++++ Provided data

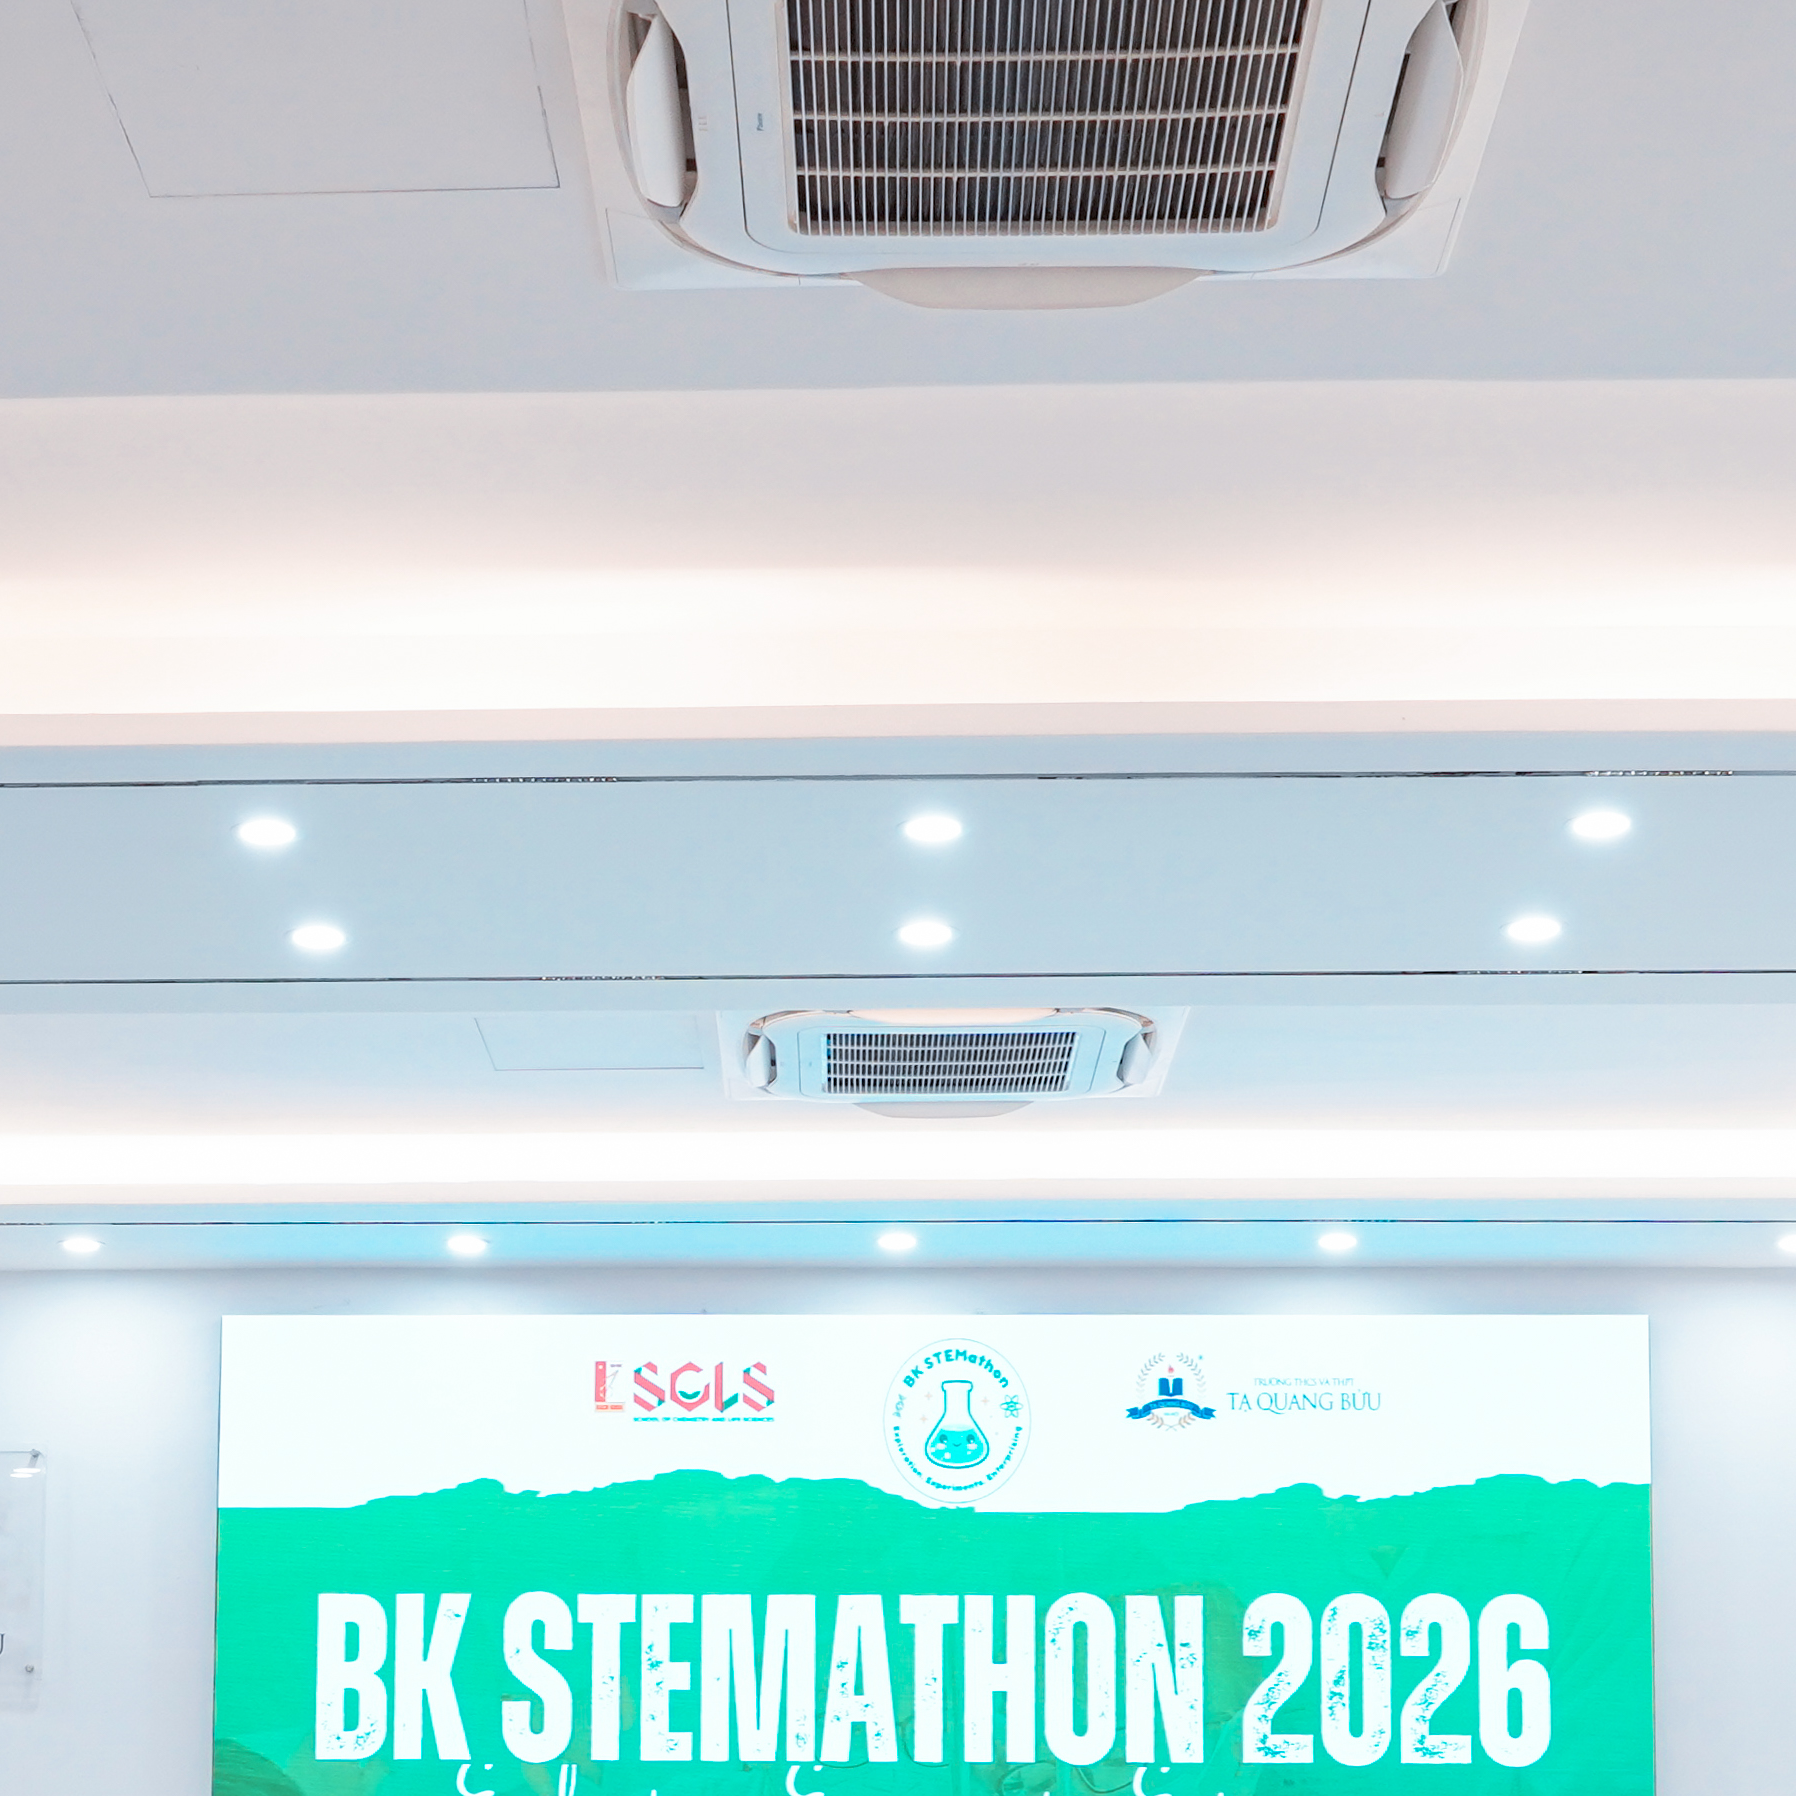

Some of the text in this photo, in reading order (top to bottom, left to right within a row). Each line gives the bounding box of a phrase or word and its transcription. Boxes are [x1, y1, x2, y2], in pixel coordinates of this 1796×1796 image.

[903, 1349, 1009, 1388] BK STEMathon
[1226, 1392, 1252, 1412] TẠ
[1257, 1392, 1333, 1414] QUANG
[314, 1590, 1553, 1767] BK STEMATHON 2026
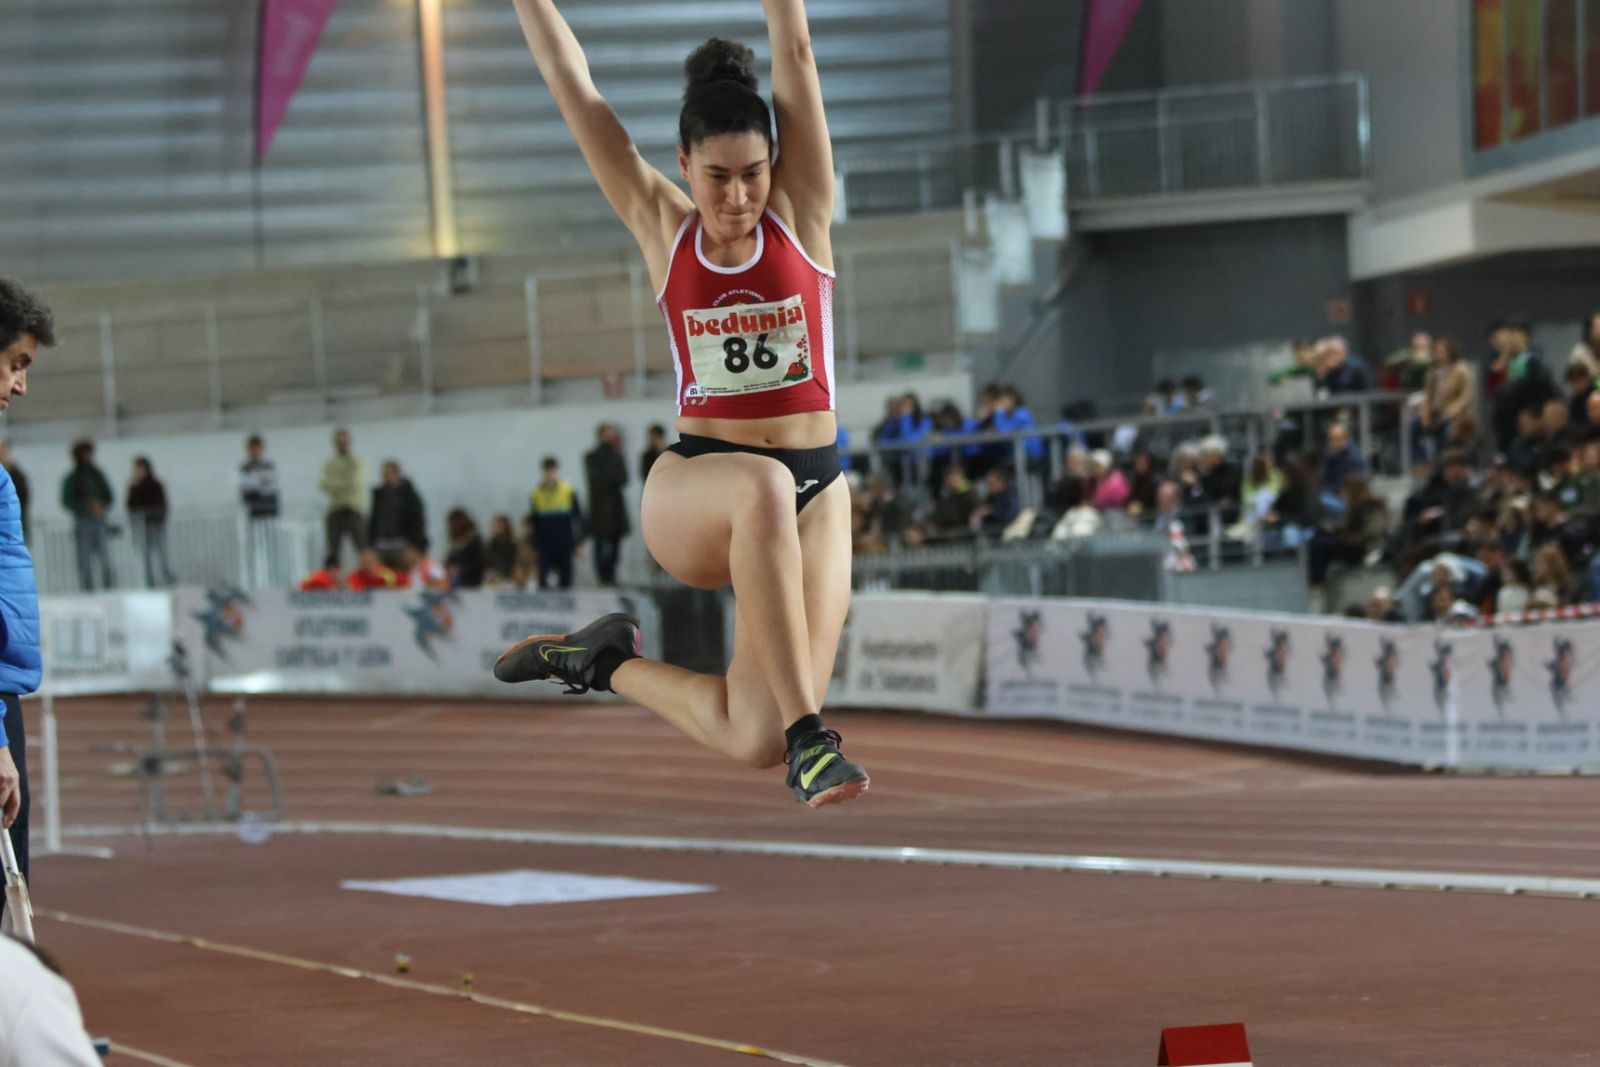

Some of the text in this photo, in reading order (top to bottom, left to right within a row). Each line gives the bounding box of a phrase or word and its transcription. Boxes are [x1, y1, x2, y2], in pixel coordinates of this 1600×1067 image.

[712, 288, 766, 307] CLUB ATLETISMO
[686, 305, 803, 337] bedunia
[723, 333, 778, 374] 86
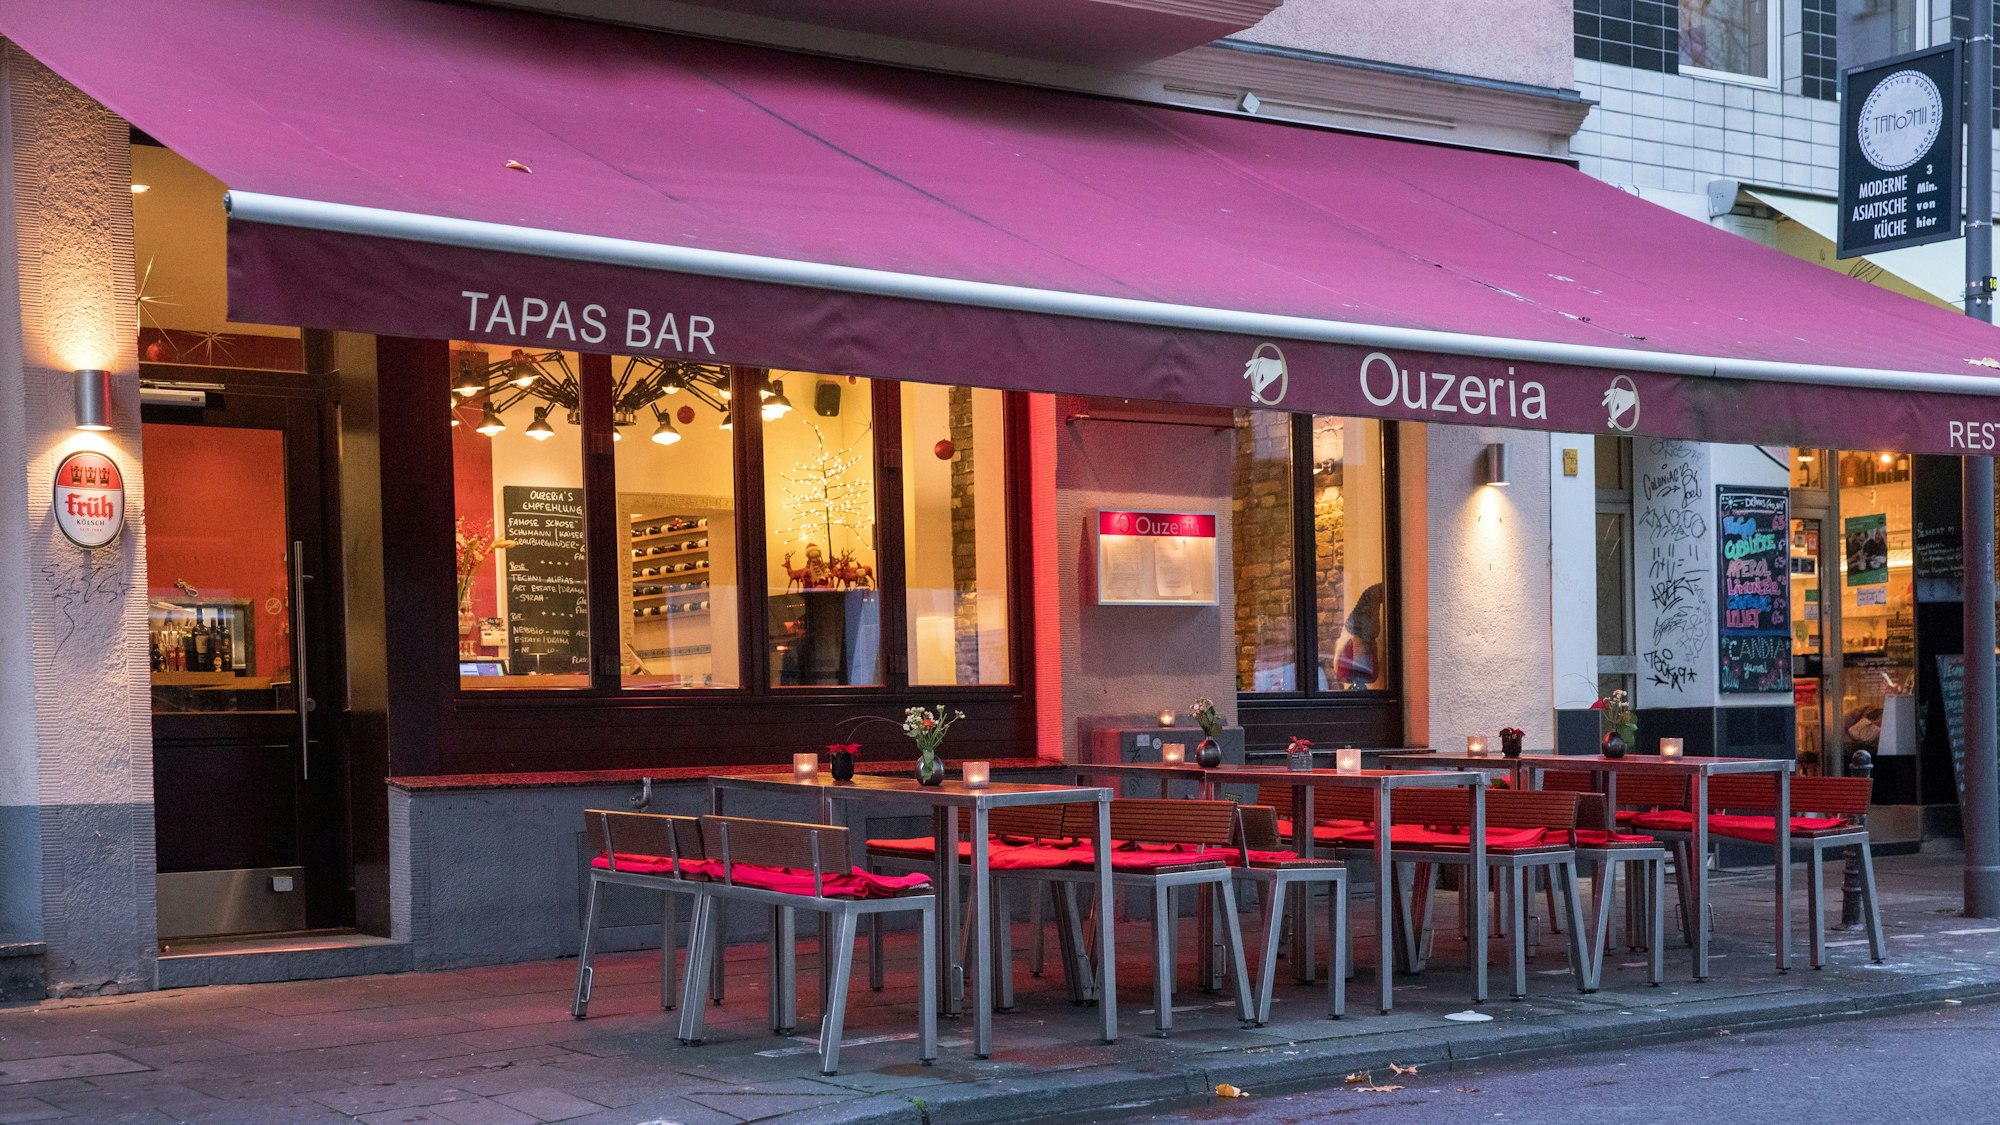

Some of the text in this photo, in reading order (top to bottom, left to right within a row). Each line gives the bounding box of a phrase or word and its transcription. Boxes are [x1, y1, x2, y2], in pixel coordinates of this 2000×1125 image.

++++++++

> **What to do**: Restate the records word for word, omitting images.

> **Task solution**:
Some of the text in this photo, in reading order (top to bottom, left to right within a row). Each line gives the bounding box of a phrase or word and its transcription. Boxes are [x1, y1, x2, y2], in pixel coordinates of this 1796×1796 image.

[903, 1349, 1009, 1388] BK STEMathon
[1226, 1392, 1252, 1412] TẠ
[1257, 1392, 1333, 1414] QUANG
[314, 1590, 1553, 1767] BK STEMATHON 2026

Some of the text in this photo, in reading order (top to bottom, left to right within a row). Each line gives the bounding box of a phrase or word and its transcription. Boxes are [x1, y1, x2, y2], in pixel coordinates of this 1600×1067 image.

[712, 288, 766, 307] CLUB ATLETISMO
[686, 305, 803, 337] bedunia
[723, 333, 778, 374] 86

Some of the text in this photo, in reading order (top to bottom, left to right within a row). Each line gives the bounding box of a phrase or word and its transcription. Boxes are [x1, y1, x2, y2], in pixel coordinates of this 2000×1125 image.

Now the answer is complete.